Once the Specialised Expo is formally recognised, Serbia will be able to invite countries to participate. Is there interest in the Expo’s theme from around the world?

Dušan Borovčanin: We are very happy and grateful that there is an incredible level of interest in Expo 2027 Belgrade from countries and international organisations, especially considering that there has never before been an Expo in the Western Balkans. We are certain we will see more than 100 countries represented in Belgrade in 2027. Although there are many countries that are eager and interested in participating, we will only start with official invitations once we finalise all the official procedures of Recognition. In this sense we benefit from strong support from the team of experts at the BIE.

"This is the region of the future, and we certainly see Expo 2027 Belgrade as one of the best ways to shed the light of the world into it"

 The Secretary General of the BIE, Dimitri S. Kerkentzes, with Dušan Borovčanin during a BIE Technical Visit to Belgrade. Image credit: Expo 2027 Belgrade

How can you measure the impact of hosting Expo 2027 Belgrade, for Serbia and the wider region?
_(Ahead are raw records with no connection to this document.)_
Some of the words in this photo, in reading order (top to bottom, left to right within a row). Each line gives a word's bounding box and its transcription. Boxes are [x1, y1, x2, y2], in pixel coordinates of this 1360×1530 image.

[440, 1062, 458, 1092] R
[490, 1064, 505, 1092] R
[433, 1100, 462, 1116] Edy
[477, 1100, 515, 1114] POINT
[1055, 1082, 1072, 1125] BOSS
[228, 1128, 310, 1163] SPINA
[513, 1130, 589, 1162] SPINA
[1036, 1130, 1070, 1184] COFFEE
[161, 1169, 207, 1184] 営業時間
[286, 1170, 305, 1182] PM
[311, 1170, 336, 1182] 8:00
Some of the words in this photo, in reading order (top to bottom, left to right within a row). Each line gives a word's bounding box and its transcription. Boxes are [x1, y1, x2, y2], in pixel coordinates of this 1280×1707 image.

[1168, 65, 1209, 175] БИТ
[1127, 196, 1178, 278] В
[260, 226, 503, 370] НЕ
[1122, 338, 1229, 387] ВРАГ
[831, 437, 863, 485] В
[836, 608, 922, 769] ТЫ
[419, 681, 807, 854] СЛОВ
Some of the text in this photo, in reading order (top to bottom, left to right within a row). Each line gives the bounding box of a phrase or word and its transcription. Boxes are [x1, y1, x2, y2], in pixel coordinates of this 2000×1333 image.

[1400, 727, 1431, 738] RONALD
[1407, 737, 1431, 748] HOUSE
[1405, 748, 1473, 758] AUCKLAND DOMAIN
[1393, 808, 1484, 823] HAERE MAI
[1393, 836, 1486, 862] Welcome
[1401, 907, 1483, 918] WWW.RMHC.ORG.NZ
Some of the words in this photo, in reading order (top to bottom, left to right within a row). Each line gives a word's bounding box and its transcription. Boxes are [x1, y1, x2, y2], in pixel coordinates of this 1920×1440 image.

Dušan Borovčanin: Expo 2027 Belgrade is more than a showcase of global cultures and innovation. It is a catalyst for profound urban and social transformation. We are therefore embarking on a journey to not only prepare our city for an influx of international visitors but to foster a lasting positive impact that will continue to resonate long after the Expo has concluded.

We approach assessments of the Expo’s impact carefully and we do not want to give unrealistic expectations. Aside from the fundamental economic effect, which we estimate to be over 1.1 billion euros from the 92 days of the Expo alone (not to mention before and after it), I truly believe that far more important is the long-term impact of the collaborations, partnerships, investments, and diplomatic relations set to take shape over the three years leading up to the event and, of course, everything after 2027.